SMU第149号で、IBMパソコン事業売却に伴うThinkPadのメンテナンスについて、ちょこっとだけ僕の不安(?)について書いたところ、同日、IBMパソコン事業に携わる読者の方から、早速「ご心配ありませんよ」メールが届きました。
すばらしい!
プライベート(つまり、業務上規定されていない行為)で、このように自社の商品に対する意識をもっていらっしゃる社員がいる企業・・・いいですよね。

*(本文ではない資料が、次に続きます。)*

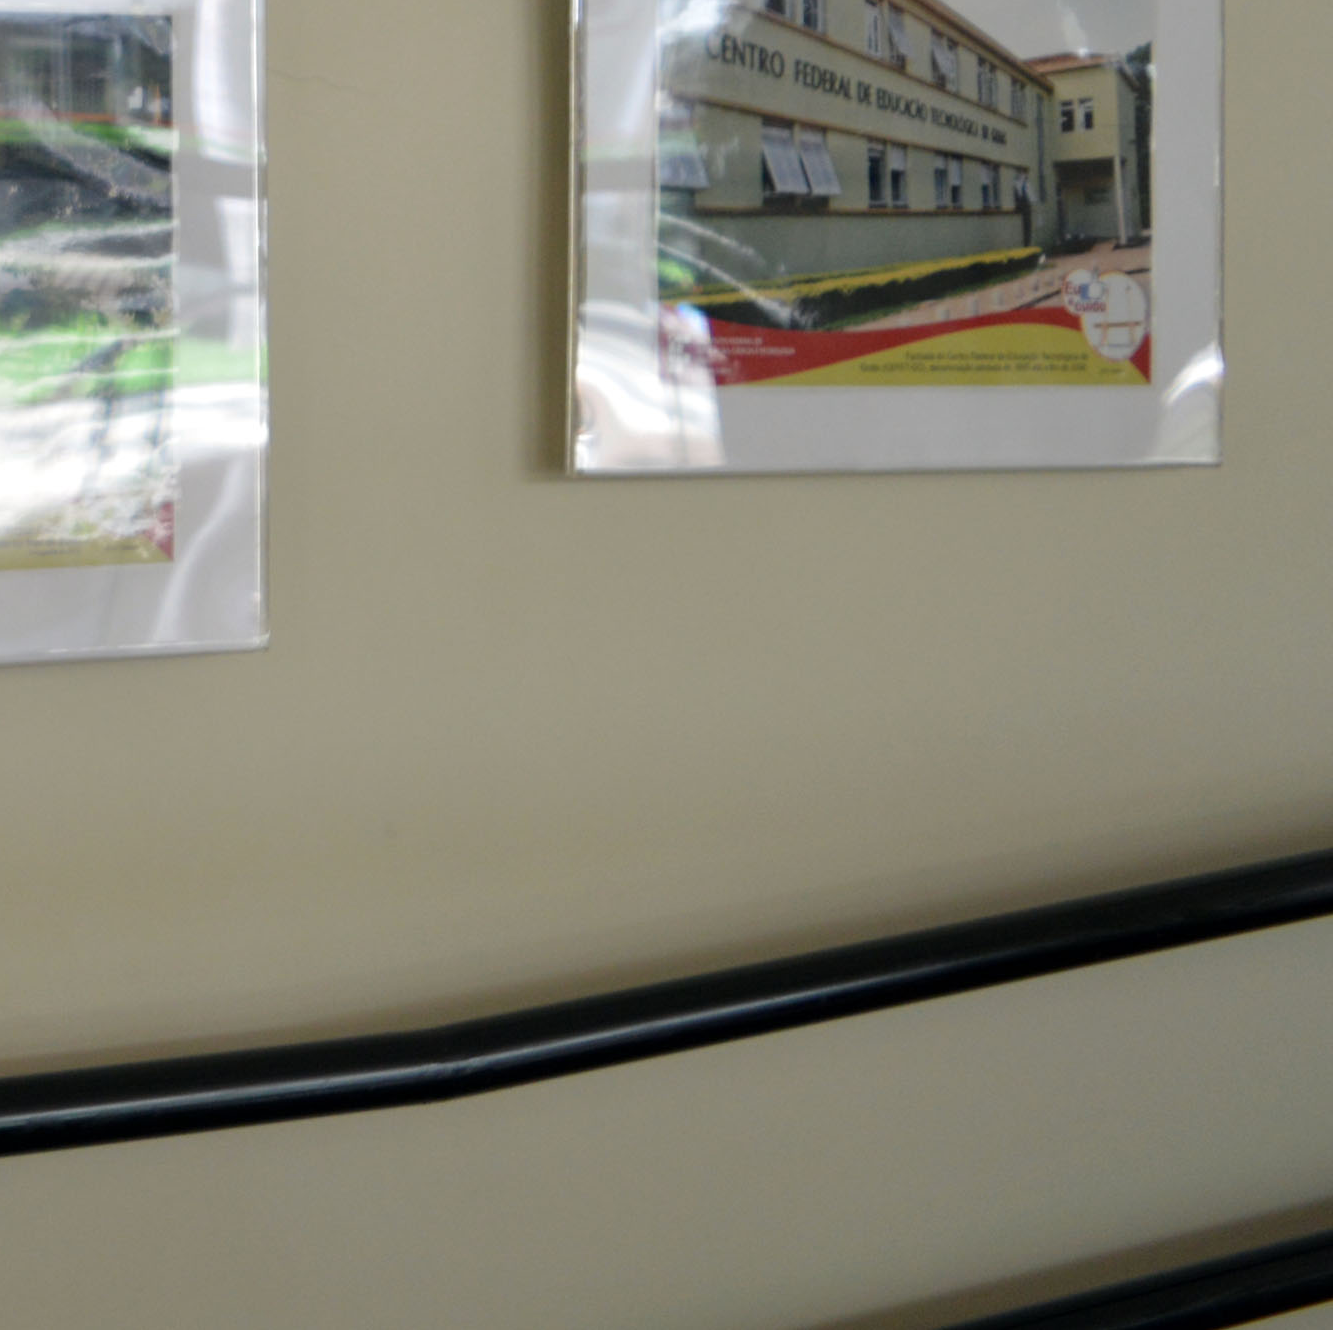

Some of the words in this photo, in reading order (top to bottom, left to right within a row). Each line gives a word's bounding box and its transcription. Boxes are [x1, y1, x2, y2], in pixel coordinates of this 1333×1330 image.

[706, 30, 785, 79] CENTRO
[794, 58, 852, 99] FEDERAL
[857, 79, 873, 104] DE

ユーザとして安心できます。
ハイテク関連のM&Aは、その予定されているシナジーが効果を出したためしが無いとは、何度も書いていることですが、その理由の一つに、「ハイテクが故に、人材が命?企業を買収できても、人材を確保できるとは限らない」ということがあります。
この点、レノボがもっとも神経を使わなければならないポイントですね。

さて、本日の日本経済新聞一面に「西武株売買契約白紙に」という記事があります。
記事の中でも、ちょっとだけ触れていますが、これでコクドから直接株式譲渡を受けたおよそ70社の「企業」については、譲渡後の株価下落による損失を「無かったこと」にすることができますが、同時期に西武に投資した「個人投資家」の損害は一体どうなるのでしょうか?
ほとんど、泣き寝入りです。
事実、数百万円程度の投資でこうむった数十万円?数百万円の損失について、弁護士を雇い、時間をかけ、訴訟をする人など、ほとんど居ません。
なので、「個人投資家のための訴訟準備組織」なるものがあればよいのに・・・と思うのです。
たとえば、投資金額のある一定比率であるとかを会費として支払い、西武鉄道のように「投資先企業側の明らかな違法行為」が発生した場合、この積み立て金を利用し、株主代表訴訟を集団で起こせる仕組みです。
もちろん会員は、自分の損失を証明する書類(最近では電子交付)と共に、損害額を、その組織に届け出るだけでOK。(もちろん損失が帰ってくるかどうかは、訴訟の行方次第ということになりますが。)

「そんなのめんどくさいから投資信託に投資すればいいじゃないか」という意見もありそうですが、その投資信託であっても、それに投資する個人投資家に対して、「常に正しい情報を提供できる」という保証は無いわけです。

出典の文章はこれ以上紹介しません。